Robust Multiobjective Reinforcement Learning Considering Environmental Uncertainties

Background

In recent years, Reinforcement Learning (RL) has demonstrated its effectiveness in solving various complex tasks. However, many real-world decision-making and control problems involve multiple conflicting objectives. The relative importance (preference) of these objectives often needs to be balanced against each other in different scenarios. While Pareto optimal solutions are considered ideal, environmental uncertainties (such as environmental changes or observation noise) may lead agents to adopt suboptimal strategies.

To address this issue, Xiangkun He, Jianye Hao, and others published a paper titled “Robust Multiobjective Reinforcement Learning Considering Environmental Uncertainties,” which aims to study a new multiobjective optimization paradigm. They proposed Robust Multiobjective Reinforcement Learning (RMORL) that considers environmental uncertainties. The paper was published in the IEEE Transactions on Neural Networks and Learning Systems.

Source of the Paper

The authors of this paper include Xiangkun He, Jianye Hao, Xu Chen, Jun Wang, Xuewu Ji, and Chen Lv, who are from Nanyang Technological University, Tianjin University, Renmin University of China, University College London, and Tsinghua University, respectively. The paper was received on February 3, 2023, revised on August 7, 2023, and November 7, 2023, and finally accepted on May 1, 2024.

Research Process

Overview of the Research Process

  1. Modeling Environmental Perturbations: Environmental perturbations were modeled as an adversarial agent across the whole preference space by introducing a Zero-Sum Game into the Multiobjective Markov Decision Process (MOMDP).
  2. Antagonistic Defense Technology Against Observation Interference: Designed countermeasures to handle observation interference, ensuring that policy changes due to observation disturbances remain within a specified range for any given preference.
  3. Policy Optimization: Evaluated the effectiveness of the proposed technology in five multiobjective environments with continuous action spaces.

Detailed Steps of the Experiment

  1. Modeling Environmental Perturbations with an Adversarial Agent:
    • Defined an adversarial agent model of environmental perturbations to simulate harsh conditions across the entire preference space (i.e., worst-case scenario).
  2. Design of Antagonistic Defense Technology:
    • Formulated an antagonistic defense technology based on nonlinear constraints to limit the policy changes caused by adversarial attacks on observations within a specific range.
    • Solved the constrained optimization problem involving adversarial observation uncertainties and agent preference space using Lagrangian dual theory.
  3. Algorithm Design:
    • Implemented this method on the basis of Deep Deterministic Policy Gradient (DDPG), termed as Robust Multiobjective DDPG (RMO-DDPG).

Research Results

In various experimental environments, the main results are as follows:

  1. Learning Speed and Final Performance: Compared to classical and state-of-the-art baselines, RMO-DDPG exhibited higher hypervolume metrics in all experimental environments.
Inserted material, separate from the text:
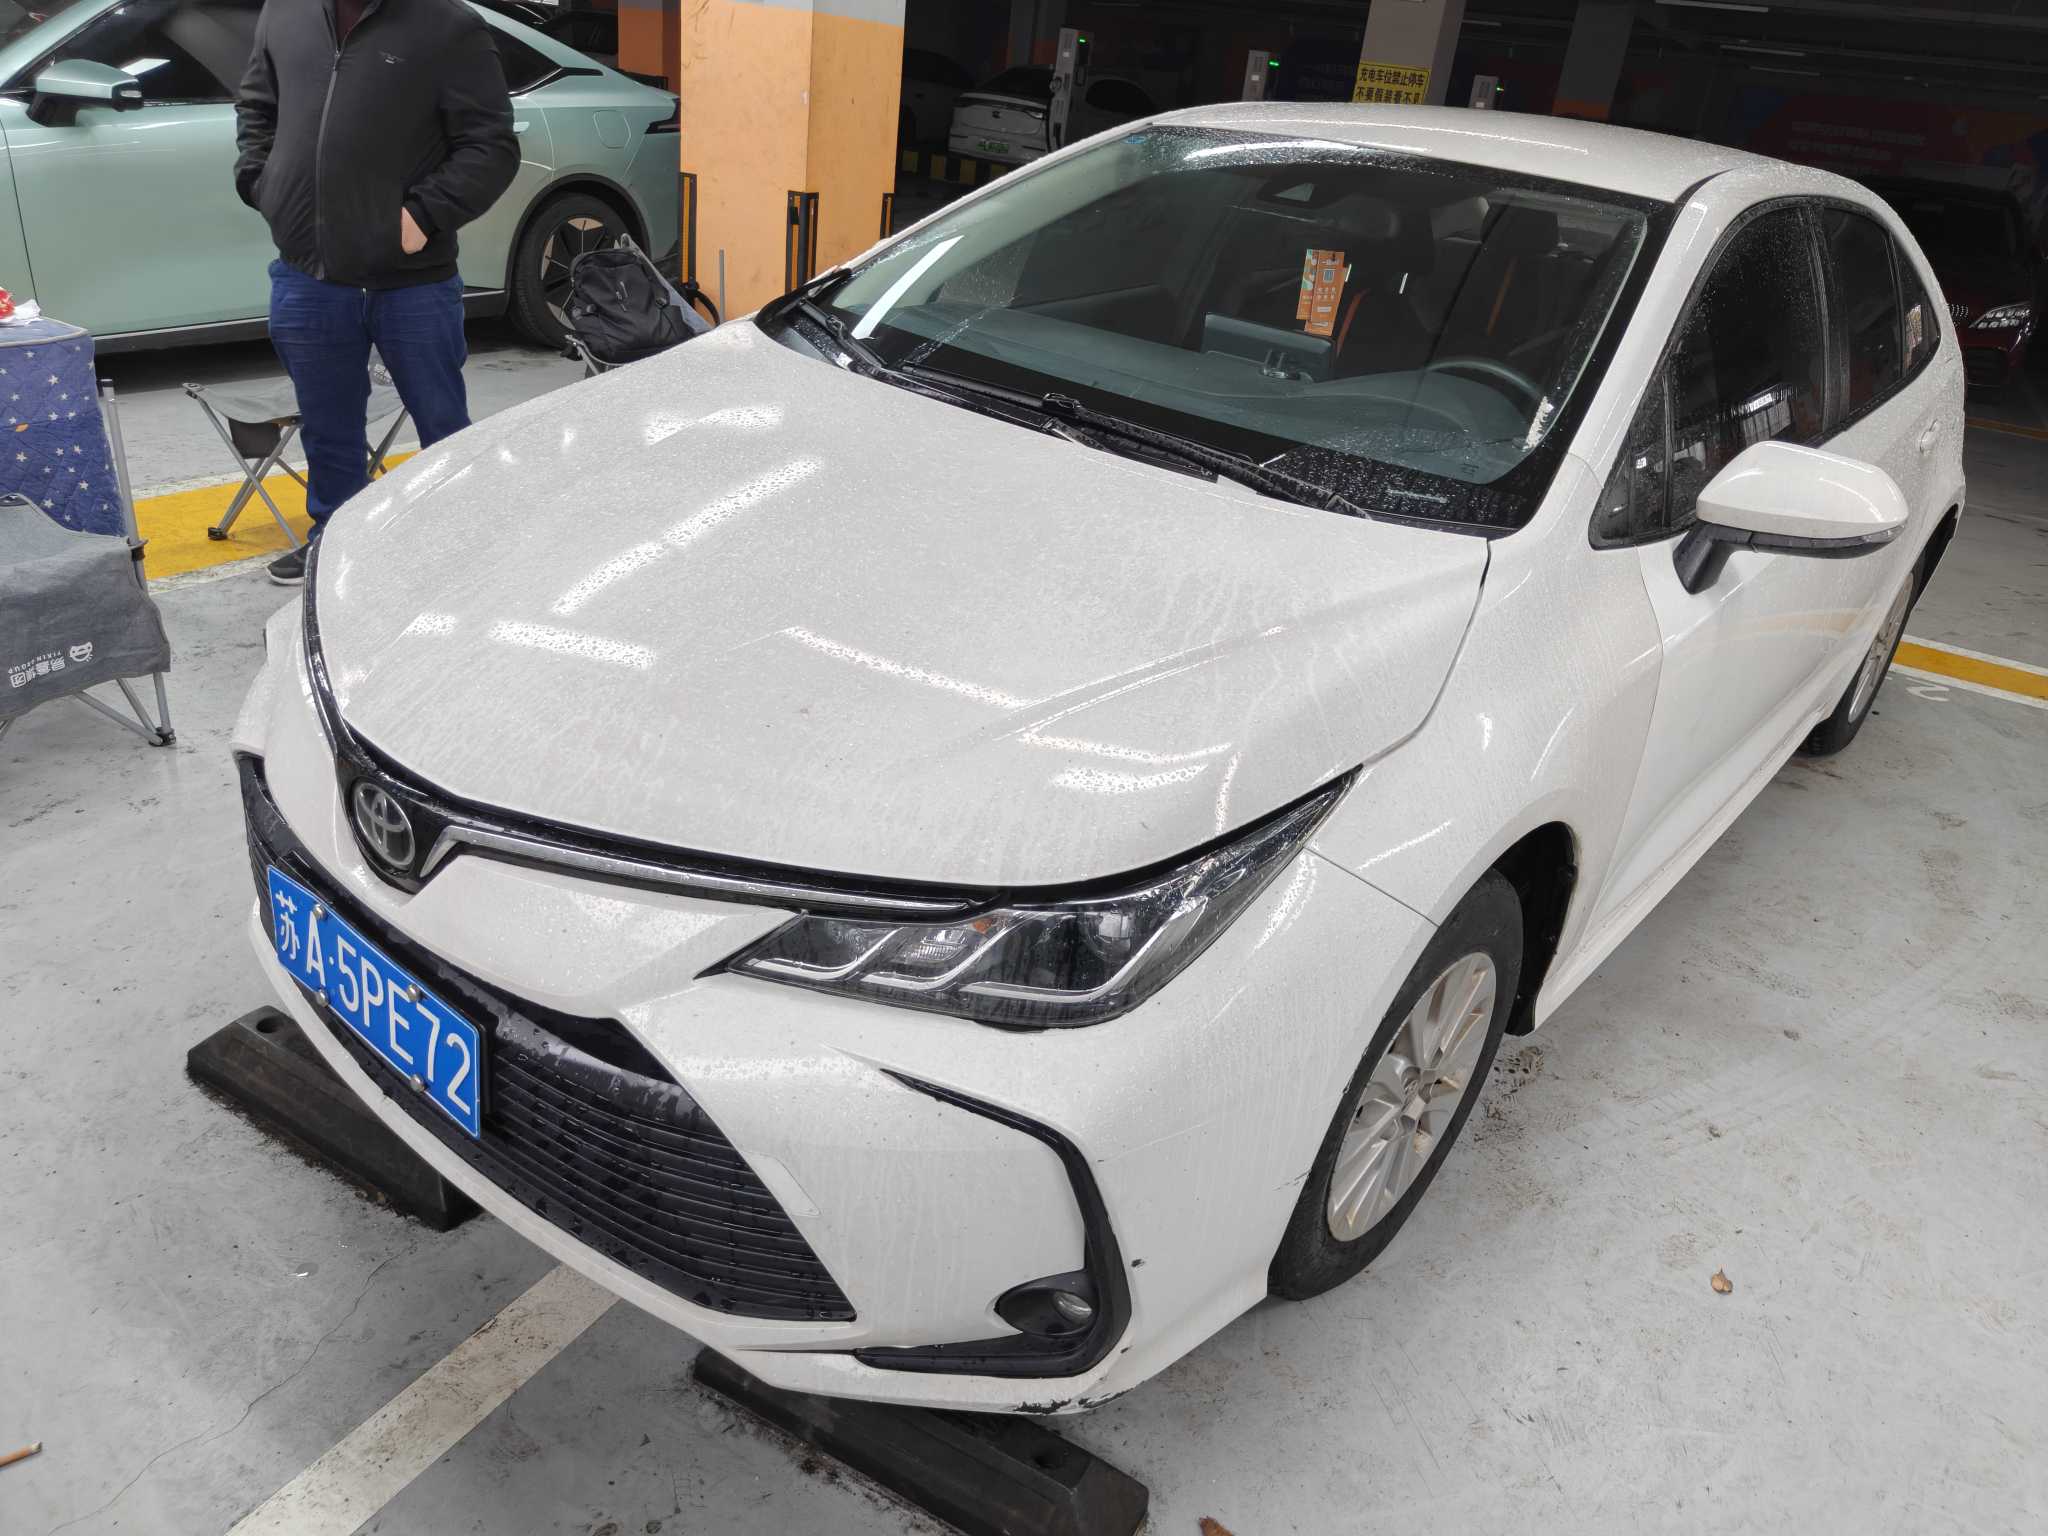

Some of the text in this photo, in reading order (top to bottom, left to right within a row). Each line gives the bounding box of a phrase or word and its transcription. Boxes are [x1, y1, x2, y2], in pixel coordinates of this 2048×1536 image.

[1359, 67, 1425, 88] 充电车位禁止停车
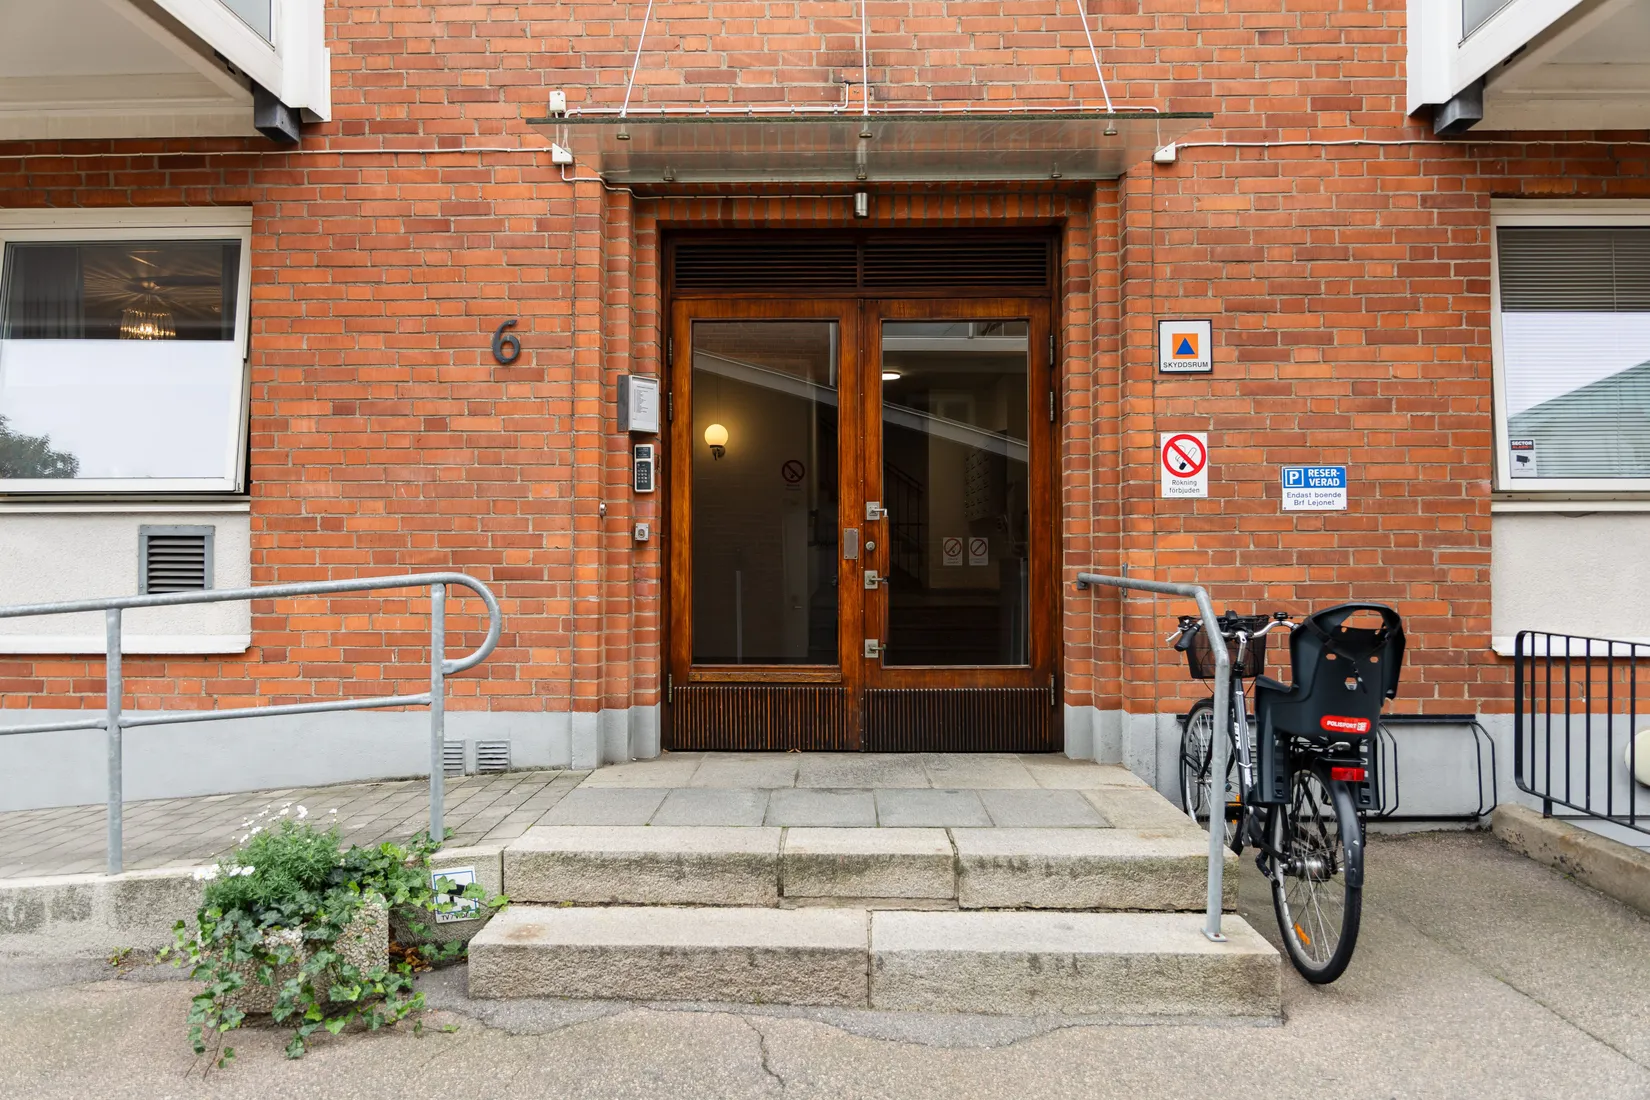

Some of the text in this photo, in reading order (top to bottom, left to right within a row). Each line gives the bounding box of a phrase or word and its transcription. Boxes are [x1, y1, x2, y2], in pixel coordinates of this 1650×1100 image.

Particularly in the MO-Hopper-v2 environment, there was significant improvement in performance relative to the baseline models.
  2. Robustness of Policy: In five experimental environments, RMO-DDPG showed higher robustness indicators compared to baseline methods. For instance, in the MO-Swimmer-v2 task, the robustness index of RMO-DDPG was significantly improved relative to the baseline methods.
  3. Computational Cost: The RMO-DDPG method is computationally expensive because it requires additional optimization for the adversarial model and dual variables during training.
  4. Pareto Frontier: RMO-DDPG can approximate a broader range of Pareto solutions and find convex and concave portions of the Pareto frontier in all tasks.

Conclusion and Value

The RMORL algorithm proposed in this study can generate robust Pareto optimal strategies for a given preference. This study not only fills the gap in existing multiobjective RL methods in dealing with environmental uncertainties and observational disturbances but also demonstrates its potential in improving Pareto quality and policy robustness through its performance in multiple experimental tasks.

Highlights of the Study

  1. Novelty of the Method: By introducing a Zero-Sum Game into MOMDP, a new multiobjective optimization paradigm was proposed, achieving the training of a single model to approximate a robust Pareto optimal strategy under environmental perturbation and observation disturbances.
  2. Antagonistic Defense Technology: The designed antagonistic defense technology effectively limits policy changes under observational disturbances, enhancing policy robustness under different preferences.
  3. Comprehensive Experiments: The effectiveness of the proposed technology was demonstrated in five multiobjective environments, and the method’s superiority was proven through various metrics in comparison with competitive baselines.

Additional Content

To demonstrate the convergence of RMO-PI in the multiobjective radiation treatment process involved in this paper, the paper also provides detailed theoretical proof and explanations for the design of multiobjective reward functions in experimental environments.